Comment by Loren Miller on May 15, 2020 at 6:09am

We seem to have reached the age where life stops giving us things and starts taking them away.
-- Dean Charles Stanforth, Indiana Jones and the Kingdom of the Crystal Skull

Considering what happened with me and my buddy Morris yesterday, this quote cuts very close to the bone. Still, there are things to be gotten out of this life, and I mean to continue searching for them.

Comment by Patricia on May 14, 2020 at 12:55pm

But that would make far too much sense.

Comment by Loren Miller on May 14, 2020 at 8:33am

[click on image to enlarge]

Beats the snot out of Sunday School, don't it?

Comment by Loren Miller on May 13, 2020 at 7:16am

There is nothing more frightful than ignorance in action.
-- Johann von Goethe

And especially when it has taken up residence in the Oval Office!

Comment by Patricia on May 12, 2020 at 1:19pm

Where are the clones when ya need 'em?

Comment by Loren Miller on May 12, 2020 at 4:59am

[click on image to enlarge]

'Nuff said.

Comment by Grinning Cat on May 11, 2020 at 10:51pm

Catching up after a few days...

"...all of a sudden you'll hear, 'It's God's plan.' And that means 'I'm done thinking.'"

Anything at all can be seen as opposing "God's plan" or playing into it!

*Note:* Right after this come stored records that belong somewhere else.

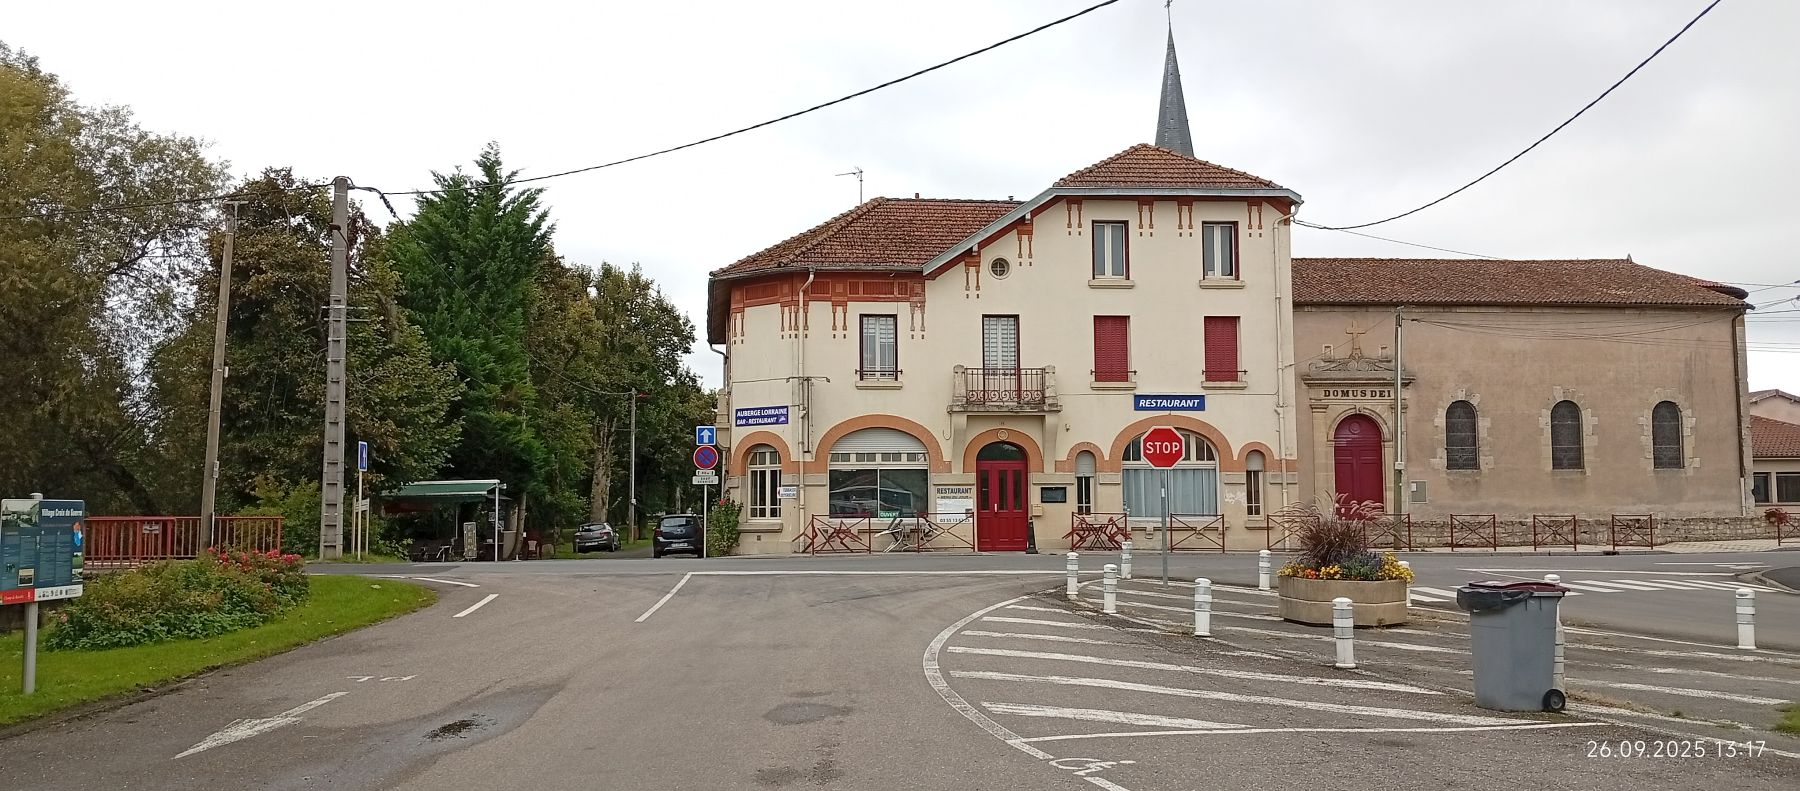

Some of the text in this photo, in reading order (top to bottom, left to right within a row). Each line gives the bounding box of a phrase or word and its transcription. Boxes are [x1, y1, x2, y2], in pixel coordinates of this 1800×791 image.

[1323, 389, 1391, 398] DOMUS DEI
[1139, 399, 1200, 408] RESTAURANT
[1146, 441, 1180, 454] STOP
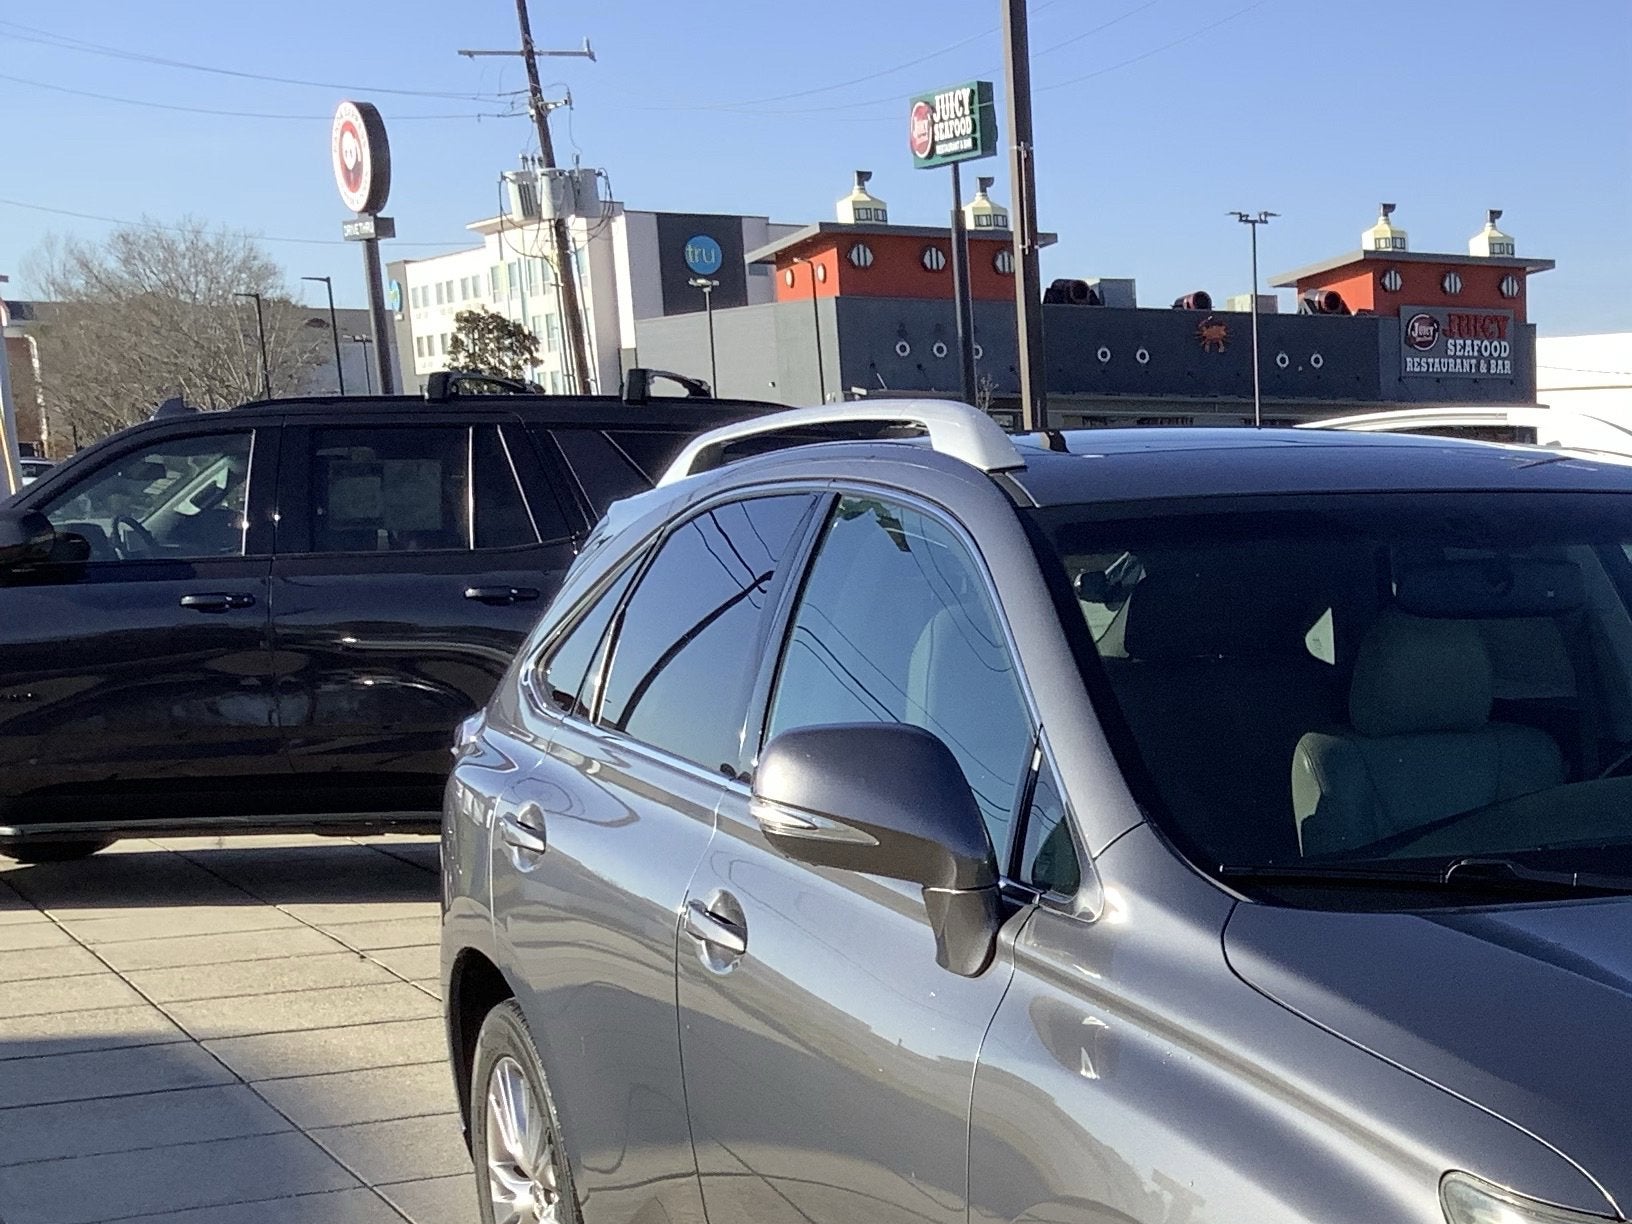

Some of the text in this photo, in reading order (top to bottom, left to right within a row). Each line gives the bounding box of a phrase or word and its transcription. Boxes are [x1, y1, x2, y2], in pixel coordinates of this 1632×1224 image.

[933, 88, 970, 122] JUICY
[934, 116, 972, 141] SEAFOOD
[686, 244, 715, 264] tru
[1442, 313, 1510, 338] JUICY
[1447, 339, 1510, 357] SEAFOOD
[1406, 357, 1512, 374] RESTAURANT & BAR
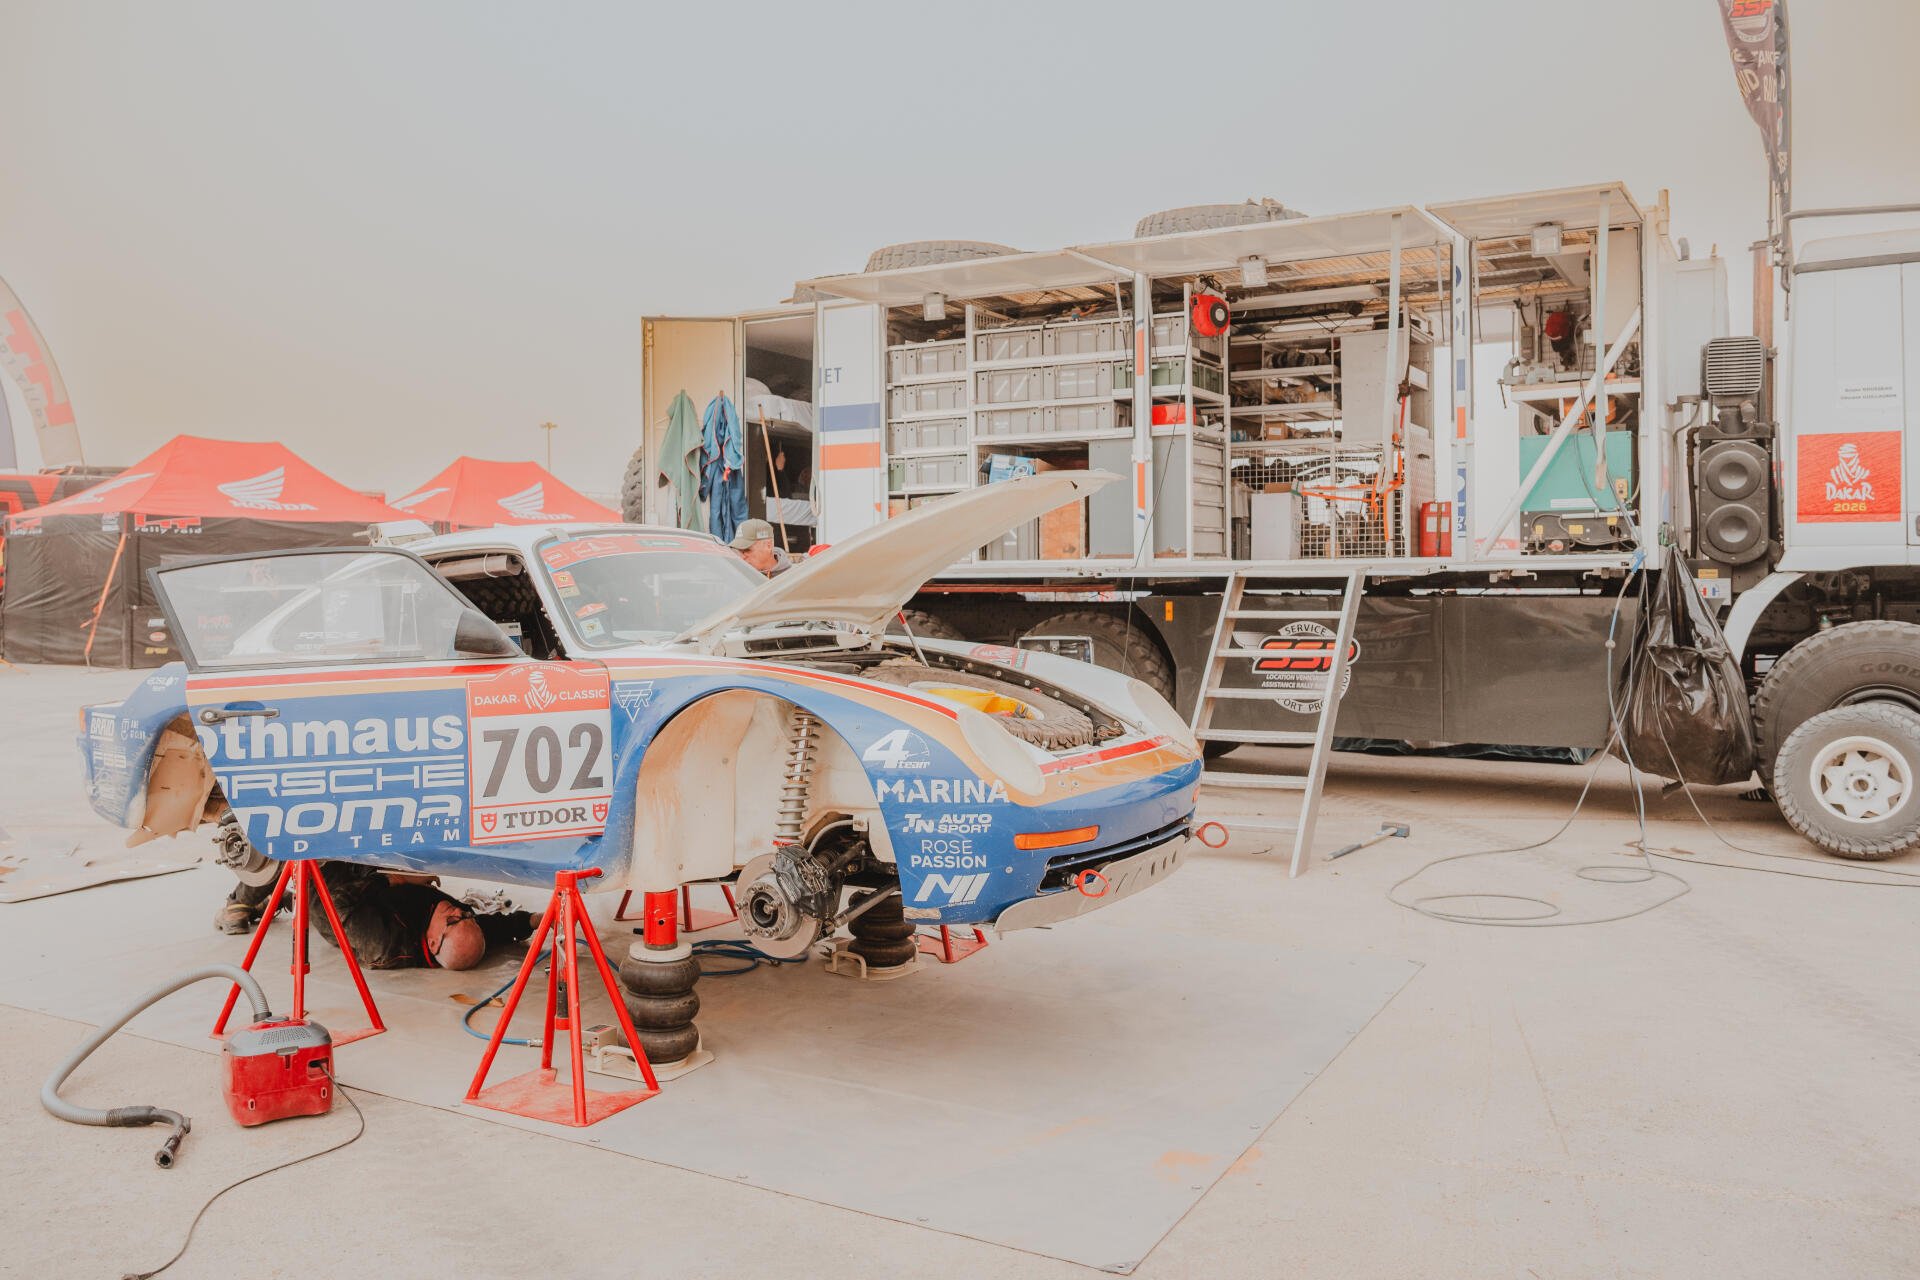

In Jonathan Glover's Causing Death and Saving Lives,* he considers common reasons have for considering human life valuable and killing generally wrong, including the religious idea that one's lifespan is up to God. Unsurprisingly, he rejects that one, giving the example of a rock falling towards someone that would have hit them in the head and killed them, except they manage to push it aside. Did they just thwart God's plan?

[Or fulfill it? You can ask the same things about anesthesia--conservative preachers did!--and antibiotics, and contraception... and democracy, and the internet... and any number of social and technological advances!]

* The book's subtitle is "The moral problems of abortion, infanticide, suicide, euthanasia, capital punishment, war and other life-or-death choices." He doesn't tell you what to think, but points out uncomfortable consequences of different principles that might indicate that your "axioms" aren't as axiomatic as you thought.

Comment by Ruth Anthony-Gardner on May 11, 2020 at 10:43pm

Your comment on exponential growth is appreciated, Joan. It occurred to me that this pandemic might educate a few people about it, rendering them better able to grasp our existential threat from climate change.

Great Hippocrates and Randi quotes, Loren.